__Work to be completed__: All of the data must be output exactly, with every picture left out.

__Information__:

####################

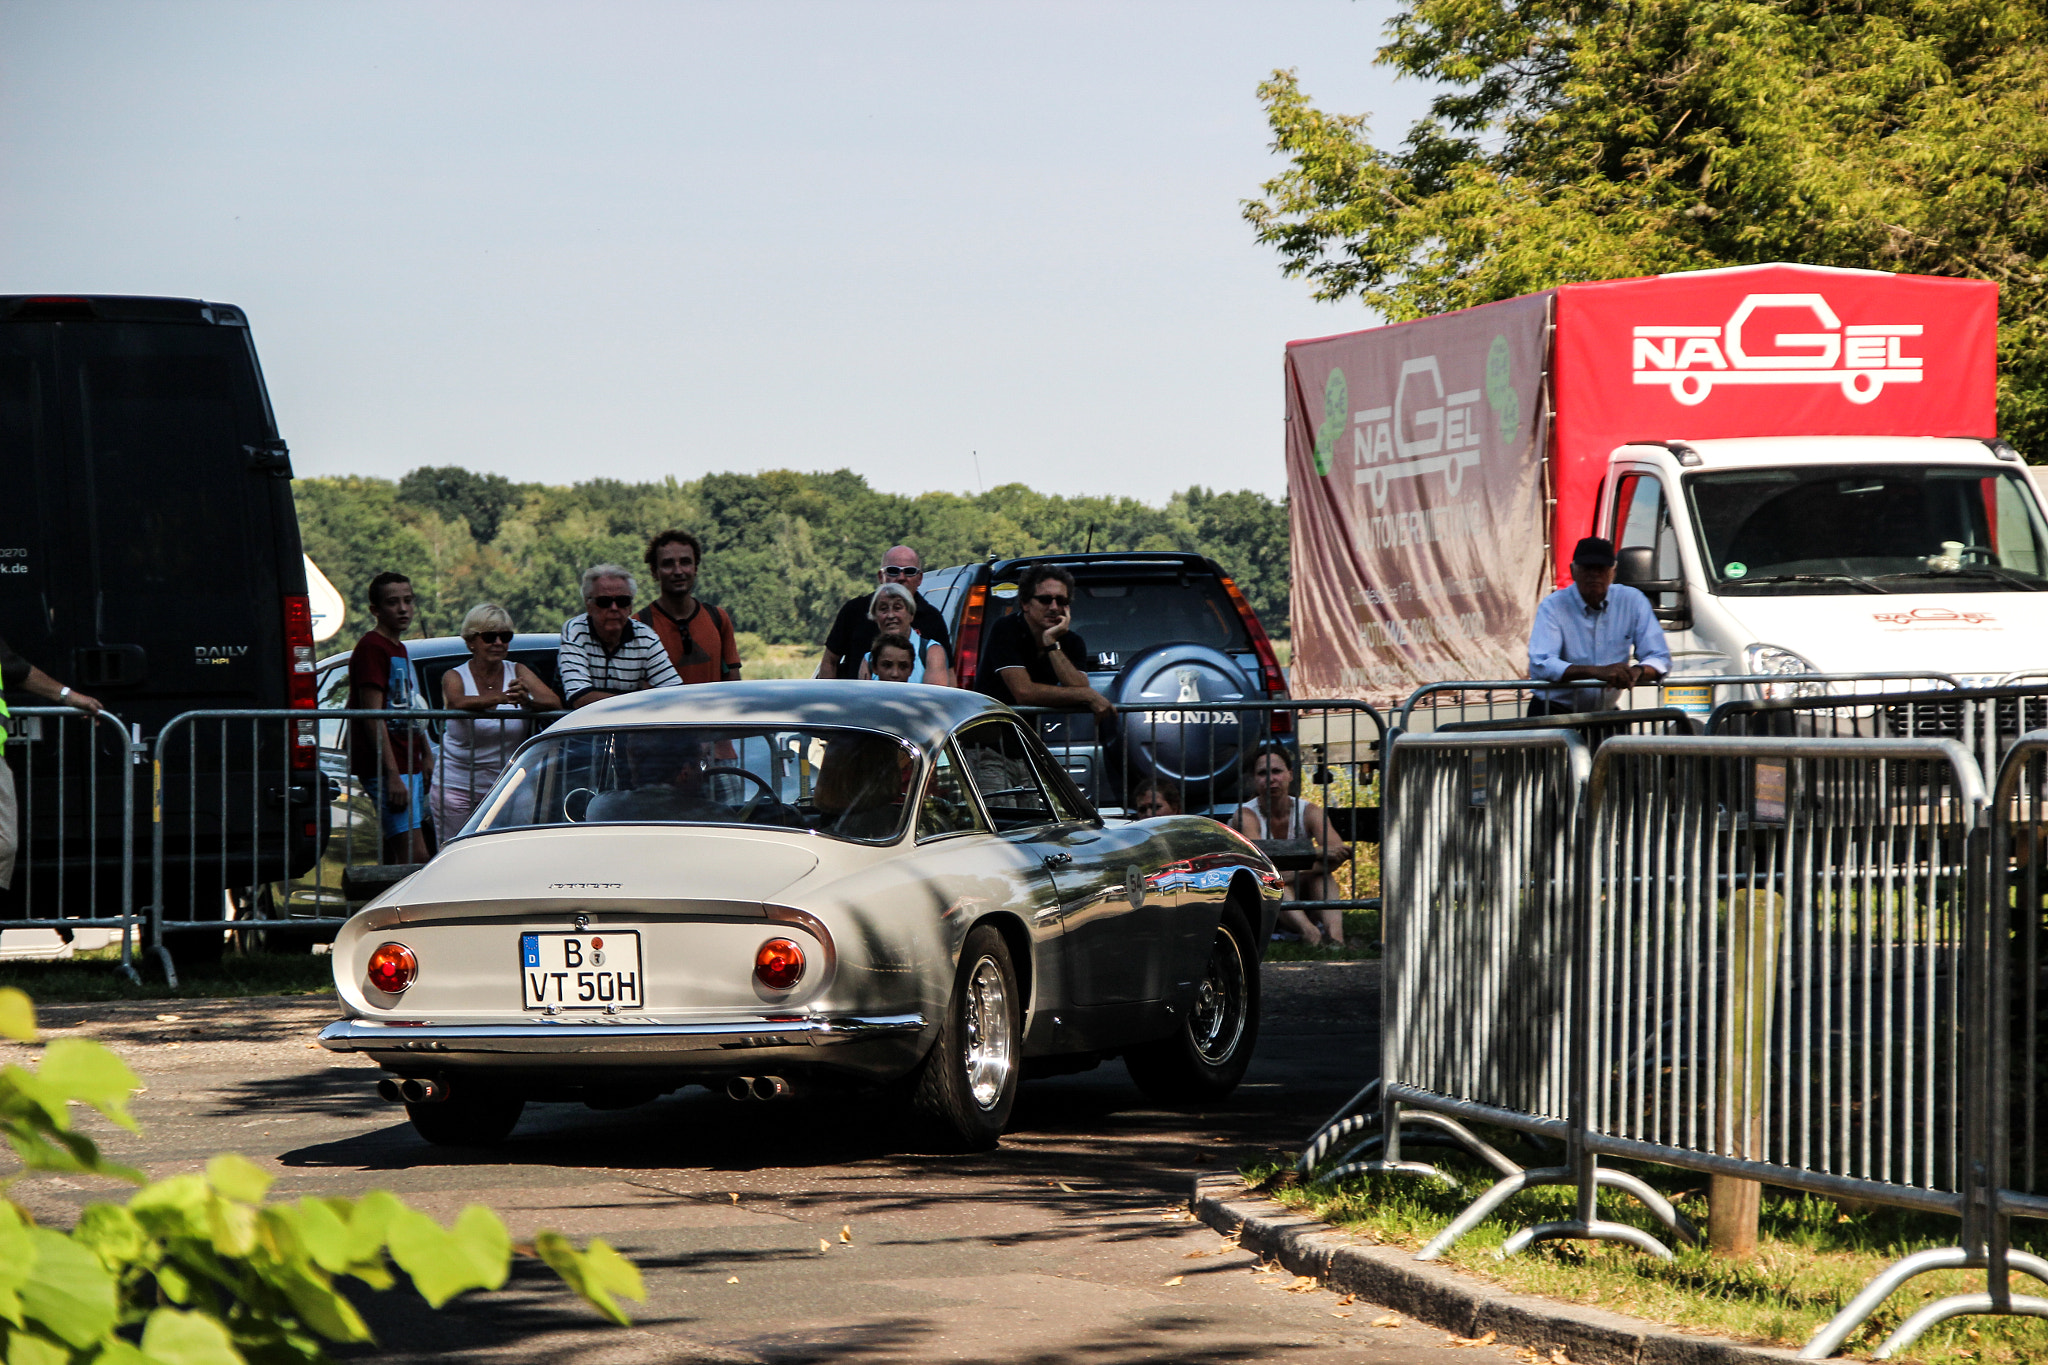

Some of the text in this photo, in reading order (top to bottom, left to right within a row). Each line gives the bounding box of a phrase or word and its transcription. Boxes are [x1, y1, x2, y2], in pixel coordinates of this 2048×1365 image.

[1633, 293, 1924, 370] NAGEL
[1354, 355, 1481, 465] NAGEL
[195, 645, 248, 657] DAILY
[1144, 710, 1239, 725] HONDA
[1129, 872, 1143, 893] 54
[528, 954, 536, 964] D
[563, 938, 583, 969] B
[530, 971, 636, 1002] VT 50H

####################

__Solution to this exercise__:
Some of the text in this photo, in reading order (top to bottom, left to right within a row). Each line gives the bounding box of a phrase or word and its transcription. Boxes are [x1, y1, x2, y2], in pixel coordinates of this 2048×1365 image.

[1633, 293, 1924, 370] NAGEL
[1354, 355, 1481, 465] NAGEL
[195, 645, 248, 657] DAILY
[1144, 710, 1239, 725] HONDA
[1129, 872, 1143, 893] 54
[528, 954, 536, 964] D
[563, 938, 583, 969] B
[530, 971, 636, 1002] VT 50H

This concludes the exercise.